Moreover, in the development of distributed systems implementing SCA components, it is a goal to provide for transparent and fault-tolerant availability of ‘non-volatile’ data that may either represent persistent ‘settings’ (to be stored on mass-media throughout the distributed system) or ‘state’ preserved in a fault-tolerant manner. Presently, the development of distributed fault-tolerant and highly available systems is ad-hoc, error-prone, and time-consuming. Current solutions are analogous to an example currency exchange system where the fluctuation of currency price and exchange operations may be out of order or non-atomic. Execution is usually non-deterministic due to the network or threading: Existing mechanisms for persistence (entity beans, JDBC, etc) are heavyweight, and they necessitate extra knowledge and extra code.
For example, a current solution implements entity beans, e.g., “Enterprise Java Bean” (EJB) that include the server-side component architecture for the J2EE platform. EJBs purportedly support rapid and simplified development of distributed, transactional, secure and portable Java applications. EJBs support a container architecture that allows concurrent consumption of messages and provide support for distributed transactions, so that database updates, message processing, and connections to enterprise systems using the J2EE architecture can participate in the same transaction context.
It would be highly desirable to eliminate the need to require programmers to learn specialized methodologies and structures such as transactions, JDBC, or entity beans that separate out component state into separate objects and to persist that state, and, instead, to automatically provide persistence and fault-tolerance for ordinary code (also called transparent fault-tolerance).

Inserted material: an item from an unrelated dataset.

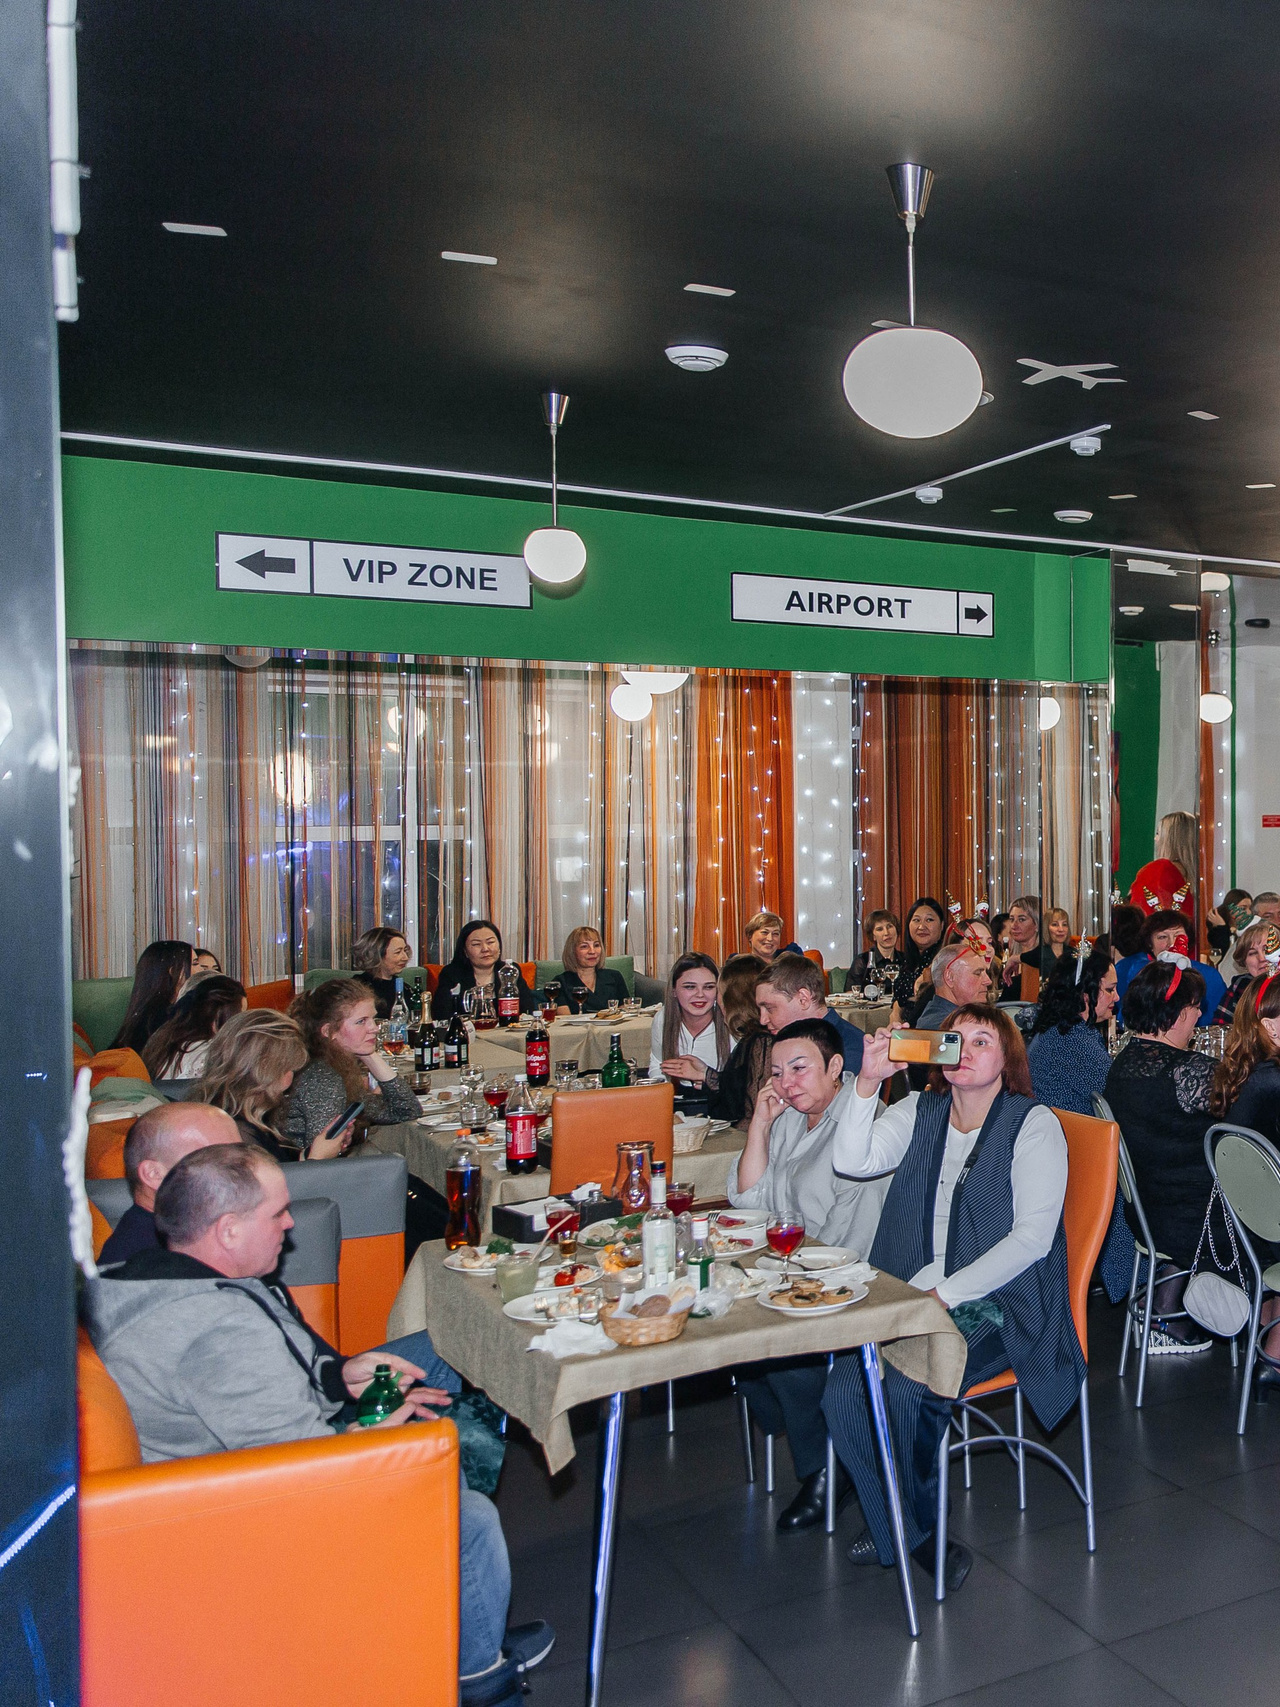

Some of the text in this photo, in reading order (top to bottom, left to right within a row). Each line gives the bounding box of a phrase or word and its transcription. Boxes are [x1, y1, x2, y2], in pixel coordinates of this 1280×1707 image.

[342, 558, 498, 591] VIP ZONE
[785, 590, 912, 619] AIRPORT
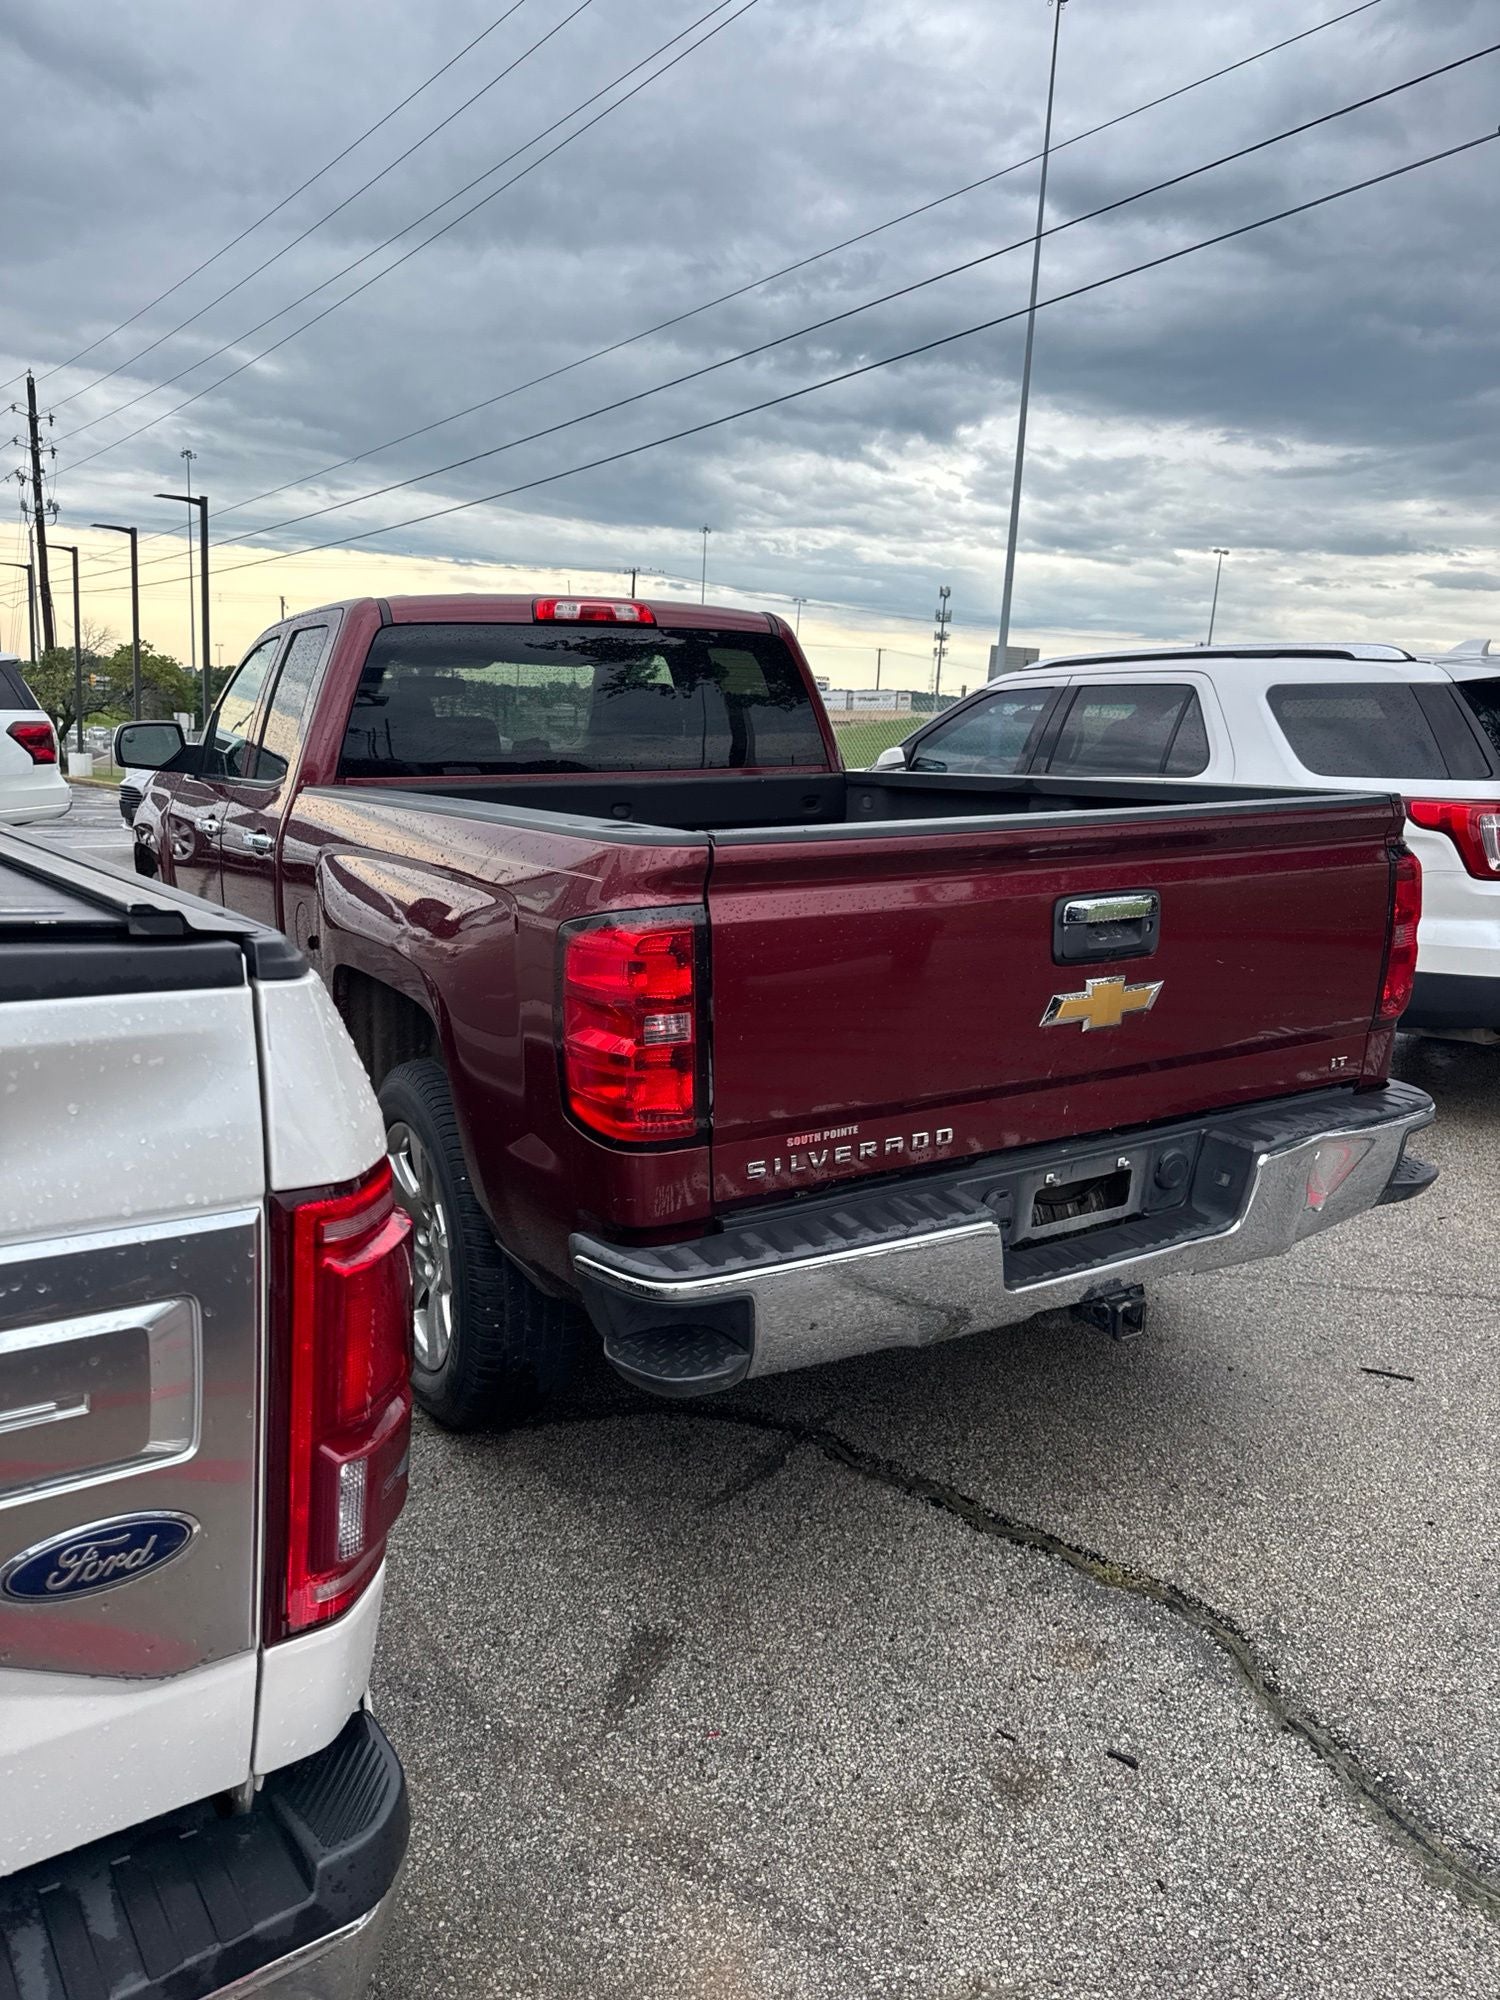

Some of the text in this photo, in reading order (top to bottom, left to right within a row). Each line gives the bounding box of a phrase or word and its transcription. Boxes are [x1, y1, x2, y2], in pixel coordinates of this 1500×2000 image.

There do exist techniques for transparent fault-tolerance in distributed systems, including a technique described in U.S. Pat. No. 4,665,520 commonly owned by the assignee of the present invention. The performance of such techniques is limited by the non-determinism of the behavior of communicating components in distributed systems, as each communication from one distributed component to another needs to be logged.
Moreover, it would be highly desirable to provide an execution server that transparently supports deterministic execution, fault tolerance and high availability, to avoid the performance problems of recovering non-deterministic distributed systems.
Furthermore, it would be highly desirable to provide a simple component-based model for programmers and, particularly, to provide a system and method for making middleware functions more accessible to the application developer.